Problem to work on:
With pictures omitted, output the records below exactly as they appear.

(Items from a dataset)
>>>>

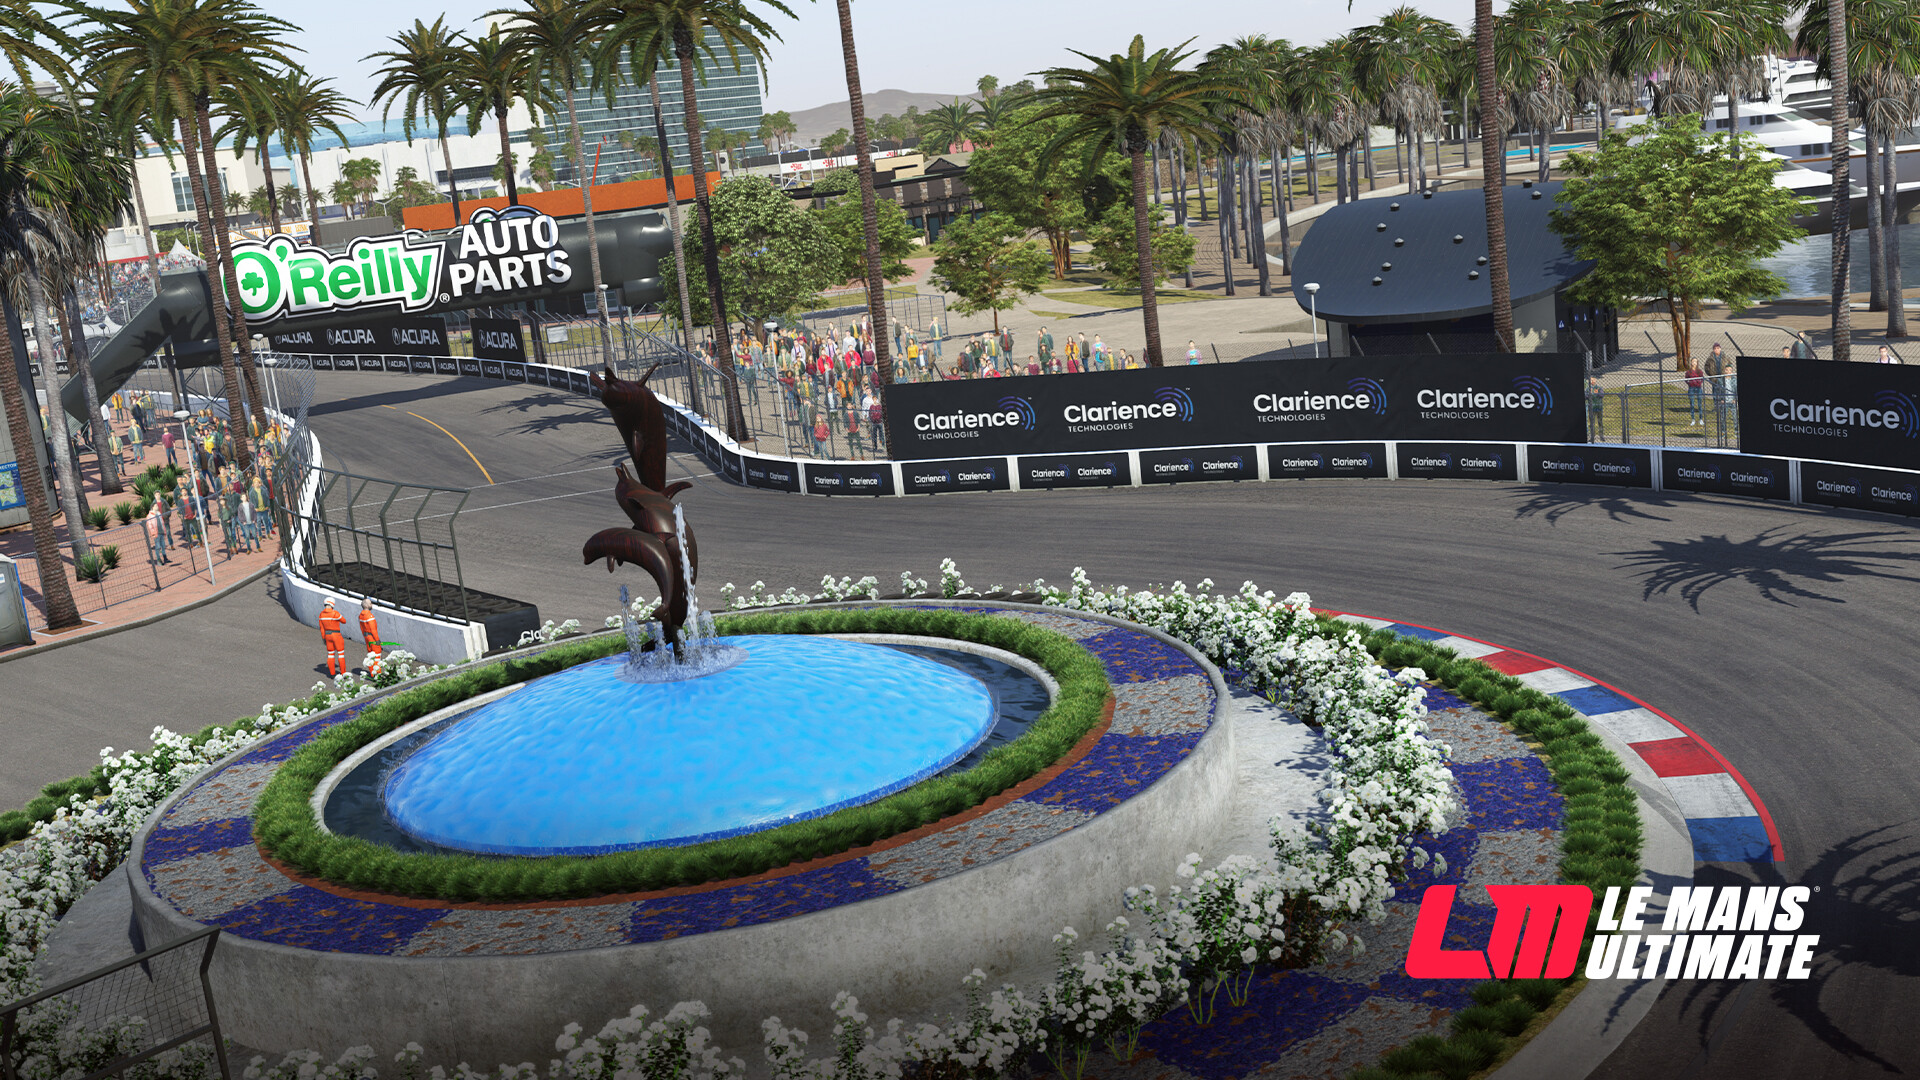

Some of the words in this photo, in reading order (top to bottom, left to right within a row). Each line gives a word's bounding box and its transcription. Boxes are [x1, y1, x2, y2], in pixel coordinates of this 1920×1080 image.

[460, 215, 559, 259] AUTO
[450, 250, 572, 297] PARTS
[223, 246, 434, 314] O'Reilly
[334, 329, 376, 344] ACURA
[401, 328, 440, 345] ACURA
[486, 331, 518, 350] ACURA
[464, 364, 480, 372] ACURA
[1253, 390, 1370, 412] Clarience
[1416, 387, 1536, 410] Clarience
[1064, 401, 1177, 424] Clarience
[1257, 413, 1326, 422] TECHNOLOGIES
[1420, 411, 1490, 419] TECHNOLOGIES
[1770, 398, 1900, 429] Clarience
[914, 410, 1020, 432] Clarience
[1068, 422, 1133, 433] TECHNOLOGIES
[1773, 424, 1848, 438] TECHNOLOGIES
[918, 430, 979, 440] TECHNOLOGIES
[1202, 460, 1238, 470] Clarience
[1282, 458, 1318, 467] Clarience
[1332, 457, 1367, 466] Clarience
[1411, 457, 1447, 466] Clarience
[1460, 458, 1497, 467] Clarience
[1542, 460, 1579, 470] Clarience
[1078, 467, 1112, 476] Clarience
[1154, 463, 1189, 472] Clarience
[1593, 463, 1630, 473] Clarience
[770, 471, 789, 482] Clarience
[914, 474, 946, 483] Clarience
[958, 472, 991, 481] Clarience
[1032, 469, 1065, 478] Clarience
[1678, 468, 1716, 479] Clarience
[1730, 472, 1768, 484] Clarience
[814, 475, 839, 485] Clarience
[850, 476, 878, 486] Clarience
[1817, 480, 1856, 494] Clarience
[1872, 486, 1912, 501] Clarience

<<<<

Answer section:
Some of the words in this photo, in reading order (top to bottom, left to right within a row). Each line gives a word's bounding box and its transcription. Boxes are [x1, y1, x2, y2], in pixel coordinates of this 1920×1080 image.

[460, 215, 559, 259] AUTO
[450, 250, 572, 297] PARTS
[223, 246, 434, 314] O'Reilly
[334, 329, 376, 344] ACURA
[401, 328, 440, 345] ACURA
[486, 331, 518, 350] ACURA
[464, 364, 480, 372] ACURA
[1253, 390, 1370, 412] Clarience
[1416, 387, 1536, 410] Clarience
[1064, 401, 1177, 424] Clarience
[1257, 413, 1326, 422] TECHNOLOGIES
[1420, 411, 1490, 419] TECHNOLOGIES
[1770, 398, 1900, 429] Clarience
[914, 410, 1020, 432] Clarience
[1068, 422, 1133, 433] TECHNOLOGIES
[1773, 424, 1848, 438] TECHNOLOGIES
[918, 430, 979, 440] TECHNOLOGIES
[1202, 460, 1238, 470] Clarience
[1282, 458, 1318, 467] Clarience
[1332, 457, 1367, 466] Clarience
[1411, 457, 1447, 466] Clarience
[1460, 458, 1497, 467] Clarience
[1542, 460, 1579, 470] Clarience
[1078, 467, 1112, 476] Clarience
[1154, 463, 1189, 472] Clarience
[1593, 463, 1630, 473] Clarience
[770, 471, 789, 482] Clarience
[914, 474, 946, 483] Clarience
[958, 472, 991, 481] Clarience
[1032, 469, 1065, 478] Clarience
[1678, 468, 1716, 479] Clarience
[1730, 472, 1768, 484] Clarience
[814, 475, 839, 485] Clarience
[850, 476, 878, 486] Clarience
[1817, 480, 1856, 494] Clarience
[1872, 486, 1912, 501] Clarience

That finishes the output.